ABSTRACT Clostridium perfringens type C isolates cause enteritis necroticans in humans or necrotizing enteritis and enterotoxemia in domestic animals. Type C isolates always produce alpha toxin and beta toxin but often produce additional toxins, e.g., beta2 toxin or enterotoxin. Since plasmid carriage of toxin-encoding genes has not been systematically investigated for type C isolates, the current study used Southern blot hybridization of pulsed-field gels to test whether several toxin genes are plasmid borne among a collection of type C isolates. Those analyses revealed that the surveyed type C isolates carry their beta toxin-encoding gene (cpb) on plasmids ranging in size from ∼65 to ∼110 kb.
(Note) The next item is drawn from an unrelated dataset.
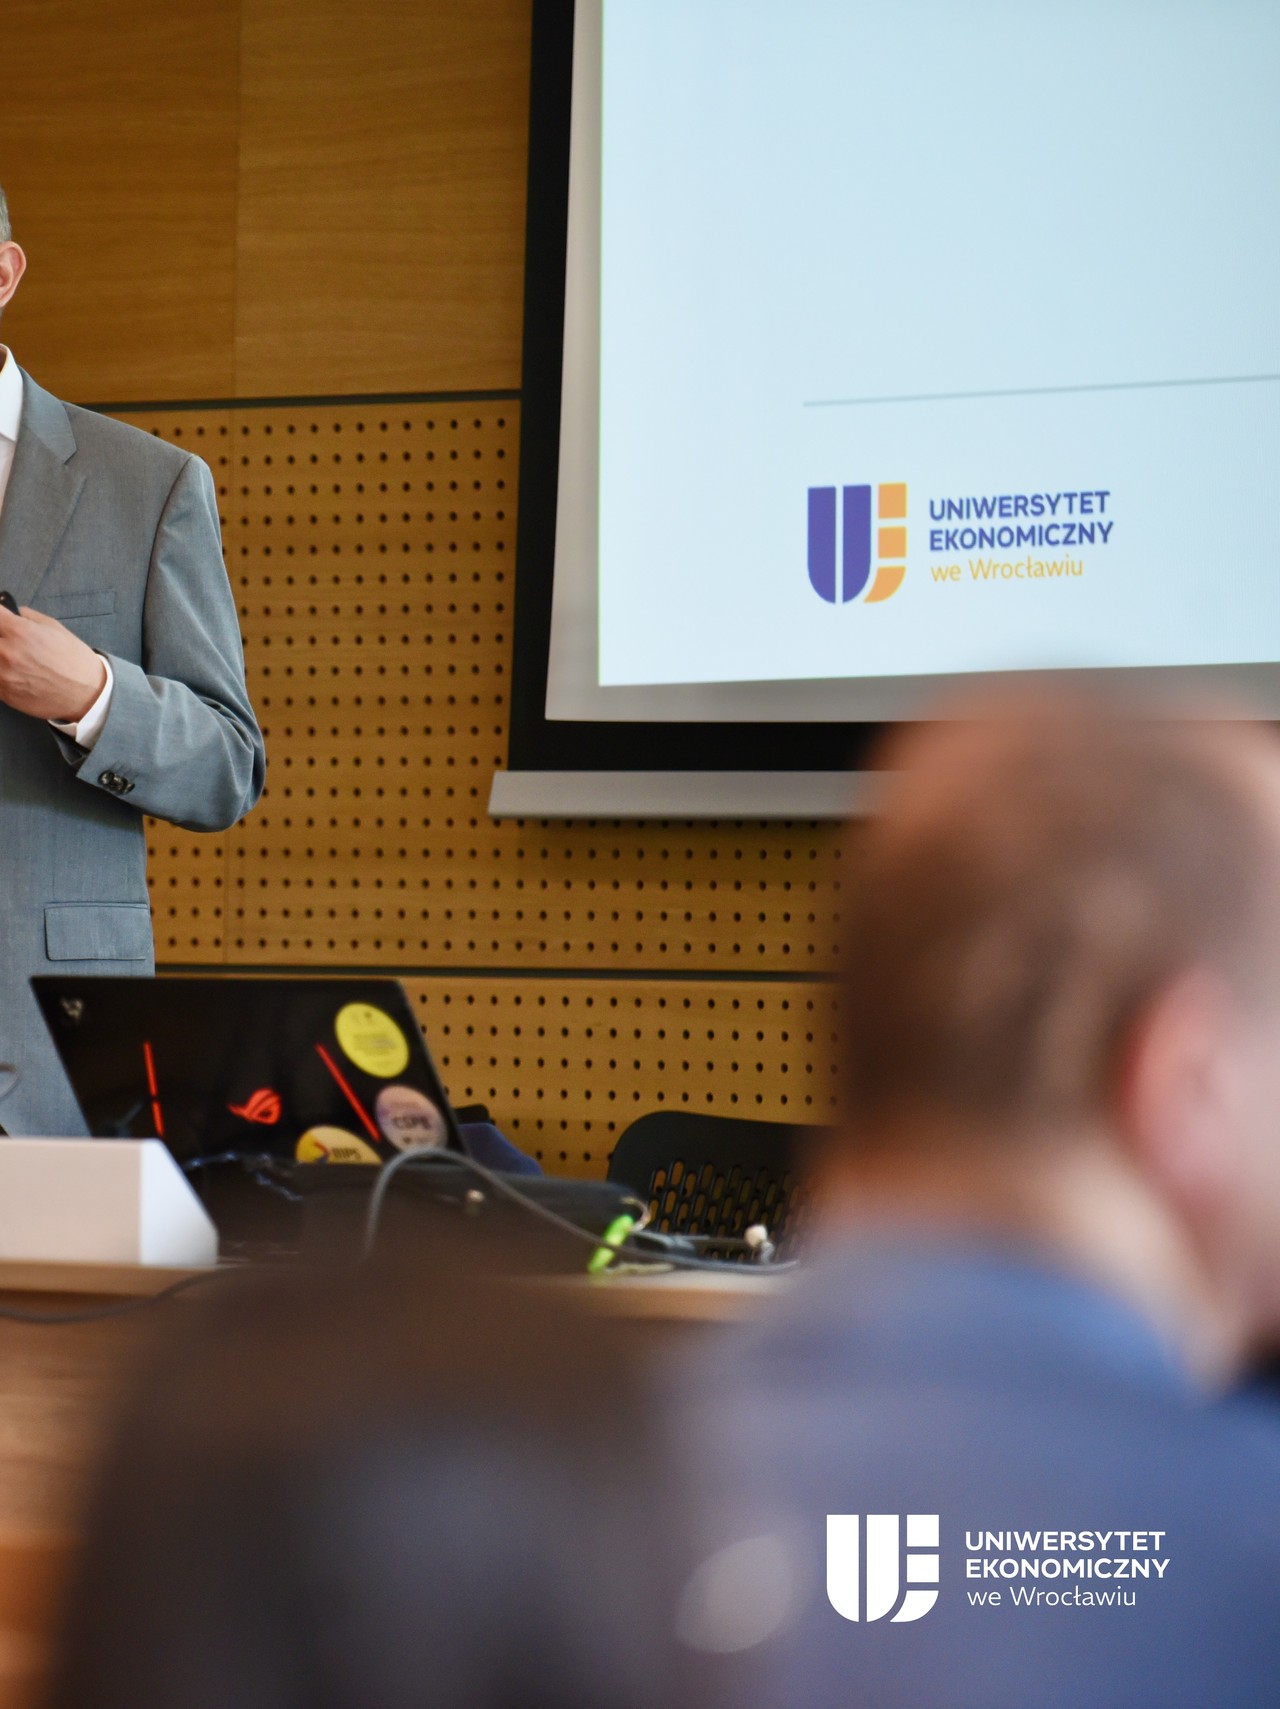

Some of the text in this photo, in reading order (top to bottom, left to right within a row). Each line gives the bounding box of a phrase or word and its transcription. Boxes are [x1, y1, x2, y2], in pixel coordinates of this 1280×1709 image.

[929, 490, 1111, 521] UNIWERSYTET
[929, 521, 1114, 551] EKONOMICZNY
[930, 554, 1083, 582] we Wrocławiu
When present in these type C isolates, the beta2 toxin gene localized to plasmids distinct from the cpb plasmid. However, some enterotoxin-positive type C isolates appeared to carry their enterotoxin-encoding cpe gene on a cpb plasmid. The tpeL gene encoding the large clostridial cytotoxin was localized to the cpb plasmids of some cpe-negative type C isolates. The cpb plasmids in most surveyed isolates were found to carry both IS1151 sequences and the tcp genes, which can mediate conjugative C. perfringens plasmid transfer. A dcm gene, which is often present near C. perfringens plasmid-borne toxin genes, was identified upstream of the cpb gene in many type C isolates. Overlapping PCR analyses suggested that the toxin-encoding plasmids of the surveyed type C isolates differ from the cpe plasmids of type A isolates. These findings provide new insight into plasmids of proven or potential importance for type C virulence.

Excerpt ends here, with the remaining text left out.